Unnamed: 0,id,rated,variant,speed,perf,createdAt,lastMoveAt,status,players,winner,opening,moves,clock,tournament,initialFen
0,qnrlibcn,True,standard,blitz,blitz,2022-06-14 13:20:41.543000+00:00,2022-06-14 13:30:45.745000+00:00,resign,{'white': {'user': {'name': 'YourKingIsInDange...,black,"{'eco': 'C50', 'name': 'Italian Game: Hungaria...",e4 e5 Nf3 Nc6 Bc4 Be7 c3 d6 d4 exd4 cxd4 Bg4 h...,"{'initial': 300, 'increment': 0, 'totalTime': ...",,


In [6]:
raw_df.columns

Index(['id', 'rated', 'variant', 'speed', 'perf', 'createdAt', 'lastMoveAt',
       'status', 'players', 'winner', 'opening', 'moves', 'clock',
       'tournament', 'initialFen'],
      dtype='object')

# Data Cleaning

In our data we have\
1. id - *A unique game id of each game.*\
2. rated - *Is game rated or not: True/False*\
3. variant - *Game Variant: Standard, Chess960, From Position, CrazyHouse, etc.*\
4. speed - *Game Type: Rapid, Blitz, Bullet & classical*\
5. perf - *Similar of Game Type: Rapid, Blitz, Bullet & classical*\
6. createdAt - *Time at which game started: YYYY-MM-DD HH:MM:SS.ns+IST*\
7. lastMoveAt - *Time at which game ended: YYYY-MM-DD HH:MM:SS.ns+IST*\
8. status - *How the game ended: checkmate,resign,timeout,etc.*\
9. players - *Dictionary of players details Colorwise: Rating, Rating Change & id.*\
10. winner - *Color of the winner*\
11. opening - *A dictionary with Opening name, Eco & Ply for standard games.*\
12. moves -  *A string of the moves.*\
13. clock - *Time control of the game.*\
14. tournament - *Tournament id if the game is played in a tournament.*\
15. intialFen - *Opening for the game other than standard chess.*

---
I want to study my standard games as this is normal chess and it can only be analysed.\
• So I will select the variant as standard and rated as True.

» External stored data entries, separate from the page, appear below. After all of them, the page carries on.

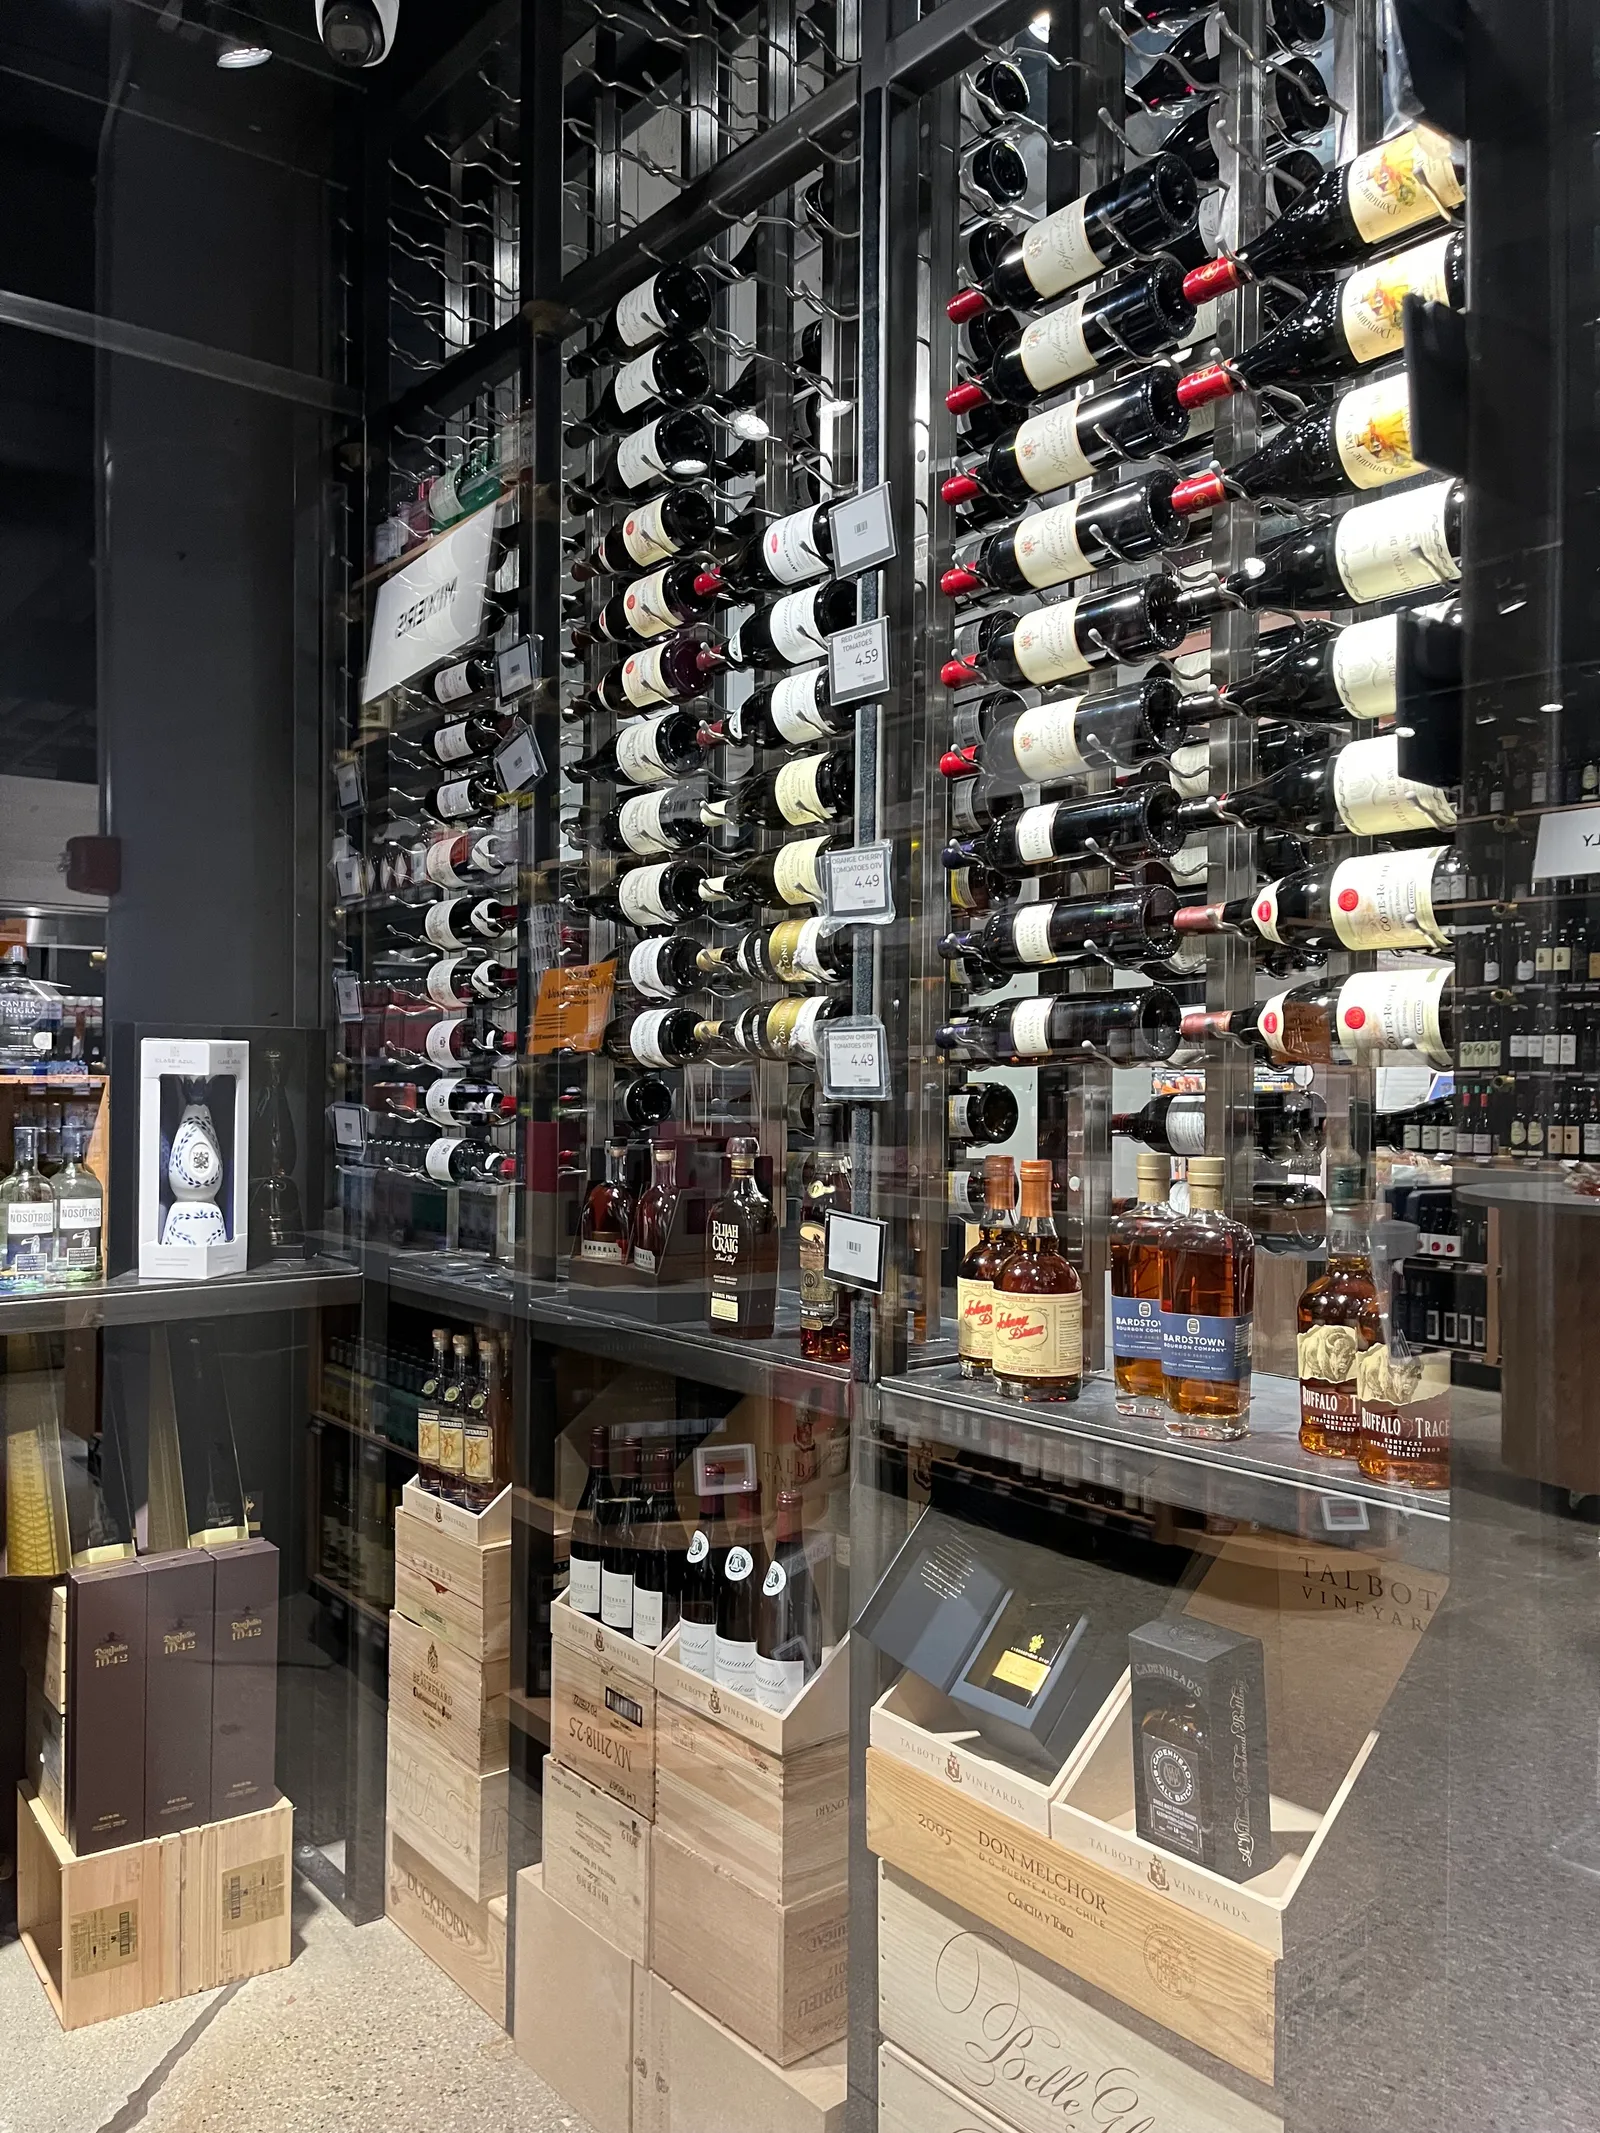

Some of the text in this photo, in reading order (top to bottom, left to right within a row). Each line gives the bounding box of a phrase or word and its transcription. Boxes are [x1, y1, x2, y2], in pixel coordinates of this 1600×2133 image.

[841, 628, 873, 644] RED GRAPE
[842, 638, 873, 652] TOMATOES
[855, 648, 879, 666] 4.59
[832, 853, 883, 865] ORANGE CHERRY
[854, 874, 880, 888] 4.49
[850, 1053, 874, 1067] 4.49
[10, 1212, 52, 1223] NOSOTROS
[62, 1207, 101, 1218] NOSOTROS
[712, 1220, 739, 1238] ELIJAH
[712, 1235, 739, 1254] CRAIG
[1008, 1325, 1044, 1341] Drum
[1163, 1333, 1225, 1346] BARDSTOWN
[1302, 1385, 1338, 1411] BUFFALO
[1310, 1415, 1339, 1428] STRAIGHT
[1322, 1413, 1357, 1422] KENTUCKY
[1361, 1406, 1401, 1436] BUFFALO
[1325, 1424, 1355, 1433] WHISKEY
[1370, 1439, 1402, 1452] STRAIGHT
[1384, 1437, 1423, 1447] KENTUCKY
[1387, 1449, 1421, 1458] WHISKEY
[568, 1622, 640, 1666] TALBOTT VINEYARDS
[1134, 1662, 1204, 1697] CADENHEAD'S
[413, 1672, 452, 1706] BEAURENARD
[676, 1679, 765, 1731] TALBOTT VINEYARDS
[614, 1742, 633, 1772] MX
[1153, 1749, 1191, 1779] CADENHEAD
[899, 1736, 1022, 1810] TALBOTT VINEYARDS
[1153, 1769, 1193, 1802] SMALL BATCH
[917, 1813, 1109, 1916] 2005 DON MELCHOR
[1089, 1836, 1144, 1872] TALBOTT
[1173, 1879, 1247, 1923] VINEYARDS
[1001, 1864, 1037, 1892] PUENTE
[1041, 1886, 1066, 1908] ALTO
[1075, 1905, 1106, 1929] CHILE
[407, 1871, 472, 1946] DUCKHORN
[421, 1905, 454, 1942] VINEYARDS
[1050, 1914, 1075, 1938] TORO

#### Inspecting each field

###### 1. id

- This is a unique game id, which refers to a particular game on the Lichess Server.

In [7]:
# Renaming the column for better understanding
raw_df.rename(columns = {'id': 'Game ID'}, inplace = True)

###### 2. rated

In [8]:
raw_df['rated'].unique()

array([ True])

- It has only one value, so this column is no use of us

###### 3. variant 

In [9]:
raw_df['variant'].unique()

array(['standard', 'chess960', 'crazyhouse', 'fromPosition'], dtype=object)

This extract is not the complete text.